Now that Supervalu is unloading its national discount chain Save-A-Lot, could Cub Foods and the company's other four regional chains be next?
The answer is murky.
On the one hand, Cub and the rest of Supervalu's conventional supermarkets have long been fighting a losing market-share battle, so the company could dump them if the price was right. On the other, Cub and its brethren are important outlets for Supervalu's wholesale grocery business.
Whatever the outcome, Supervalu's once-mighty retail presence — it was the third largest U.S. supermarket operator just four years ago — is down to about 200 stores, the largest collection of which is in Minnesota. There are more than 80 Cub outlets, including 30 franchised locations, mostly in the Twin Cities.
Eden Prairie-based Supervalu's strategic focus is on its wholesale business, which accounts for 45 percent of its sales. Save-A-Lot, which private equity outfit Onex Corp. is buying for $1.37 billion, makes up 27 percent of sales.

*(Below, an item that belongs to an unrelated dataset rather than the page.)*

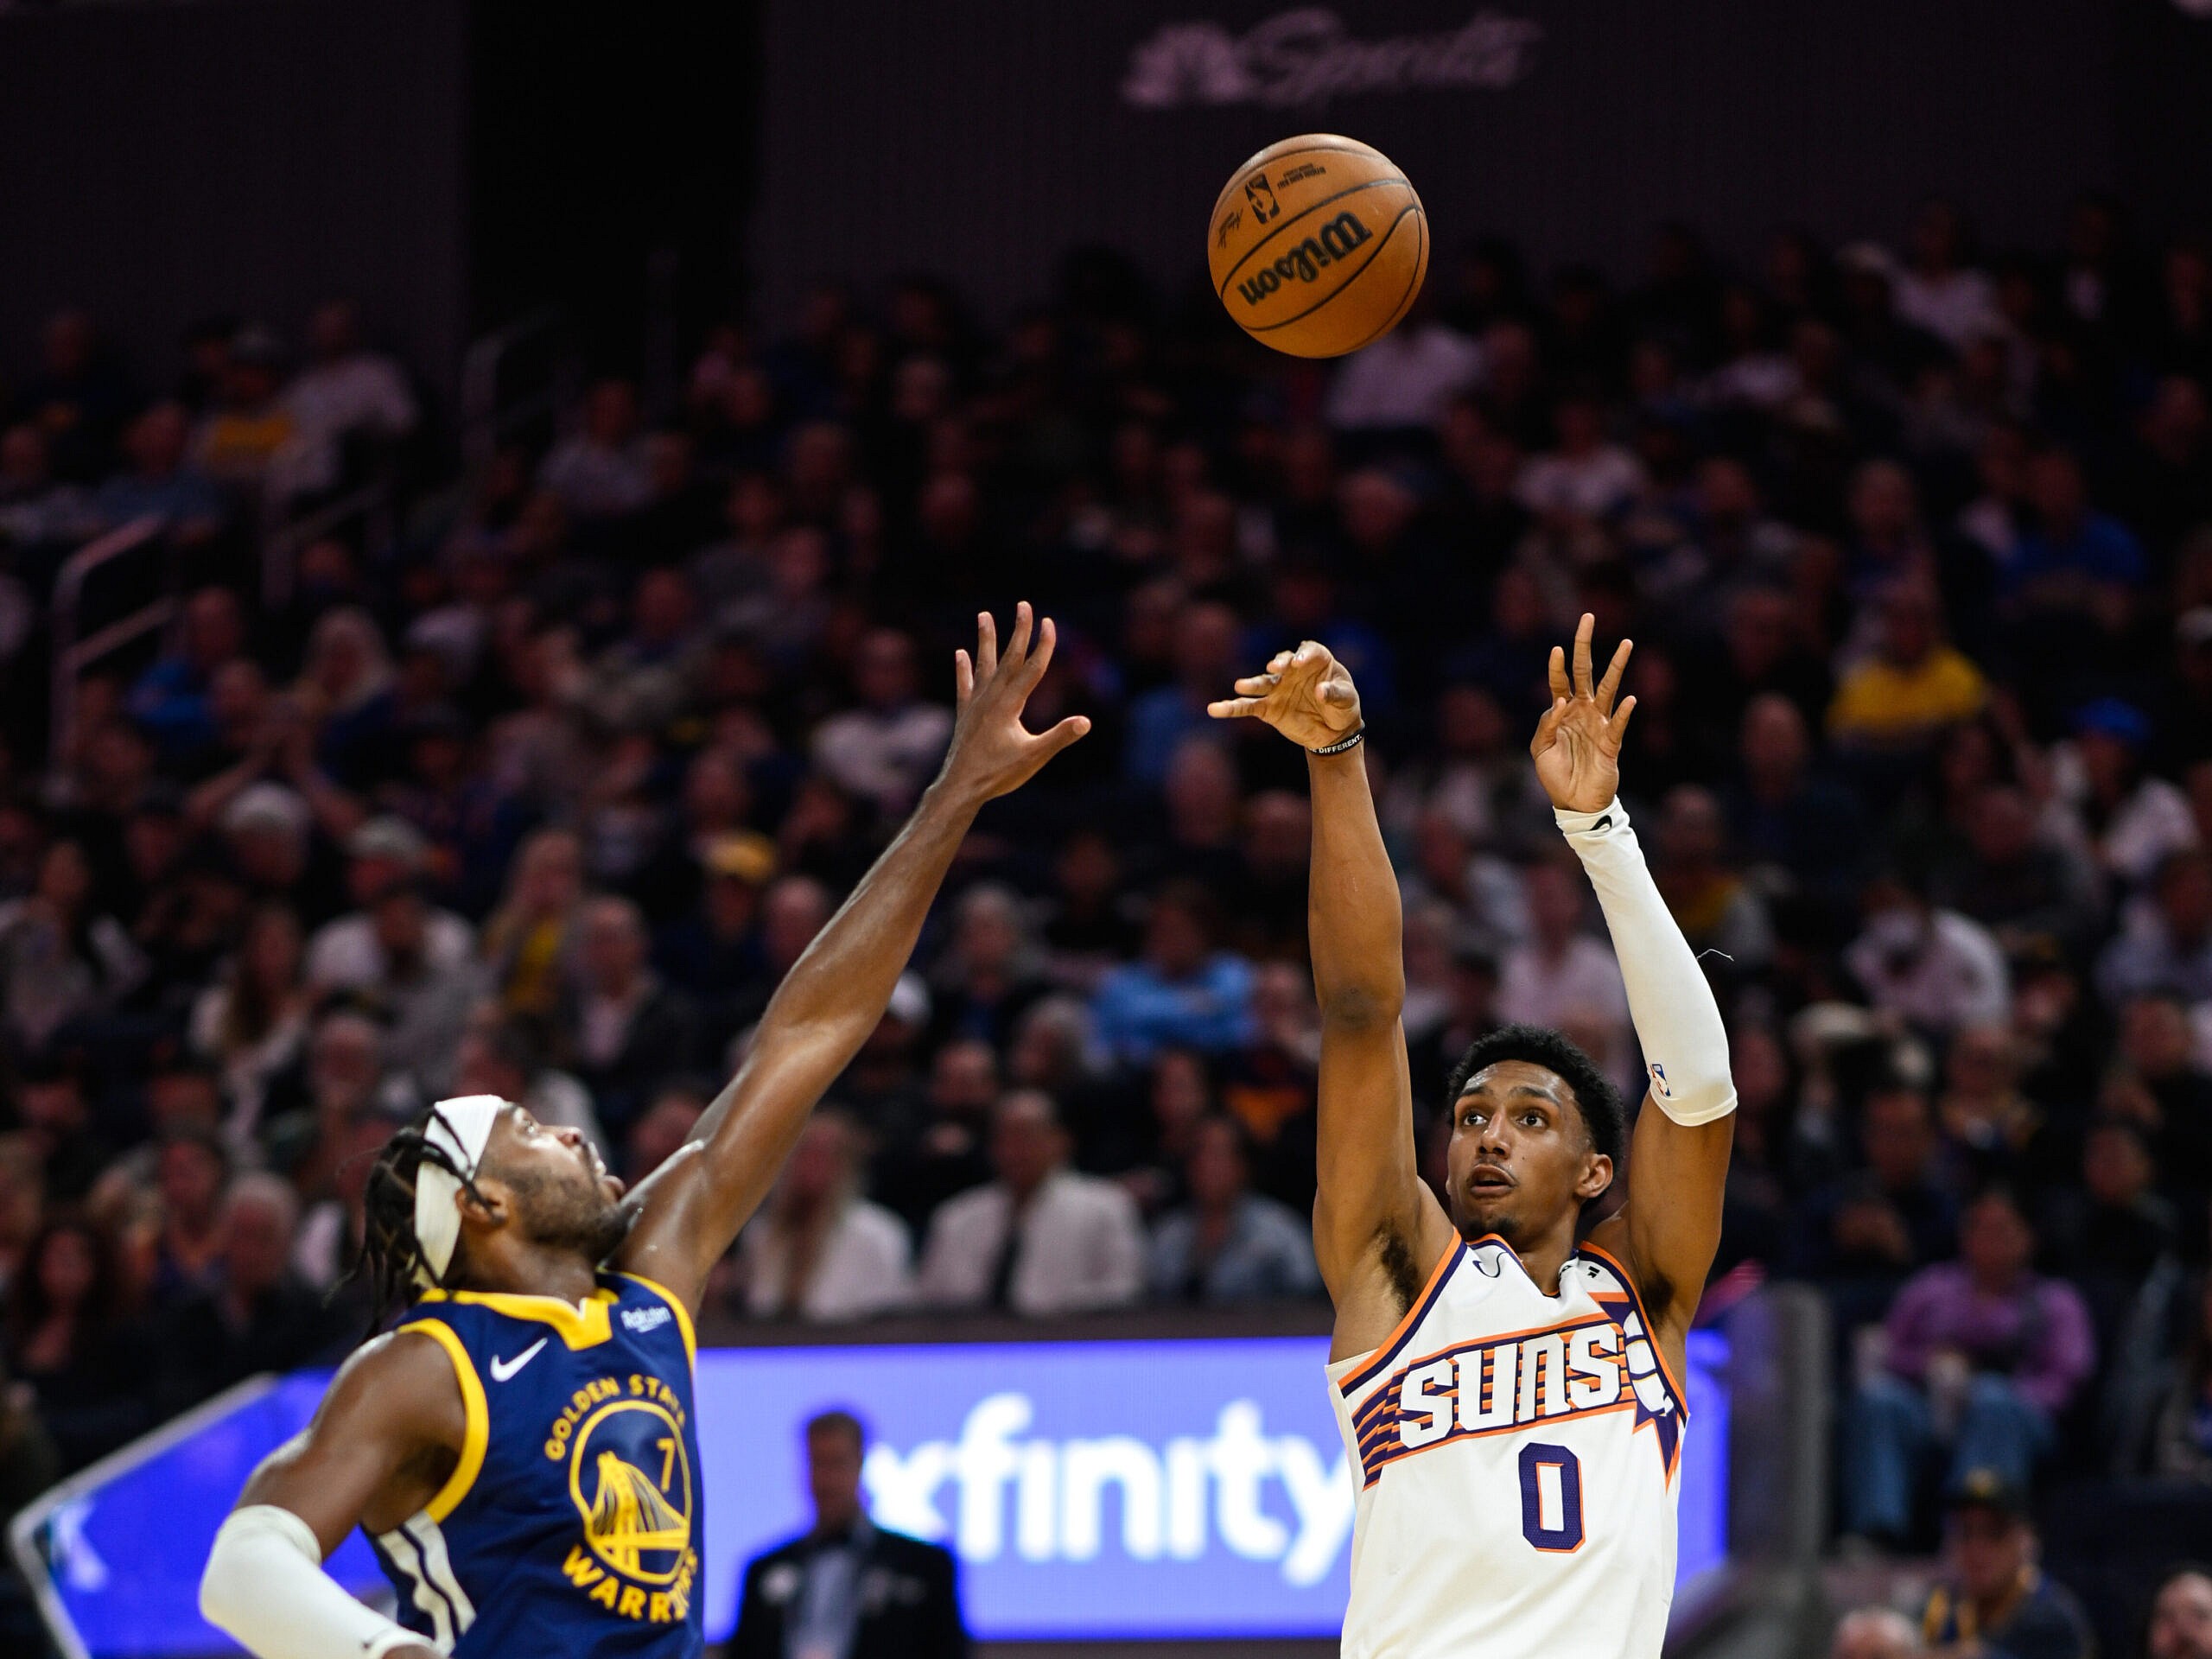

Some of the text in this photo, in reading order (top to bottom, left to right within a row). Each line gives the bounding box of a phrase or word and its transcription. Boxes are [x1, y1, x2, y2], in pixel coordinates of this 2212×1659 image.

Almost all of the rest comes from Cub; Shoppers Food & Pharmacy in the Baltimore-Washington region (54 stores); Shop 'n Save in the St. Louis metro area (42); Farm Fresh in the Virginia Beach-Norfolk, Va., market (41); and Hornbacher's in Fargo-Moorhead (8).
"I don't think they are really strategically viable," Ajay Jain, a stock analyst at Pivotal Research Group in New York, said of the conventional chains. "They are in noncontiguous markets, they are not generally a price leader and they have been ceding market share for a long time."
Wal-Mart, Target and Costco — lower-priced chains — have been for years eating away at sales at Cub and other traditional grocery banners. In the past few years, competition on the higher end has gotten more intense with the growth of chains specializing in fresh food and the entrance of Hy-Vee to the Twin Cities.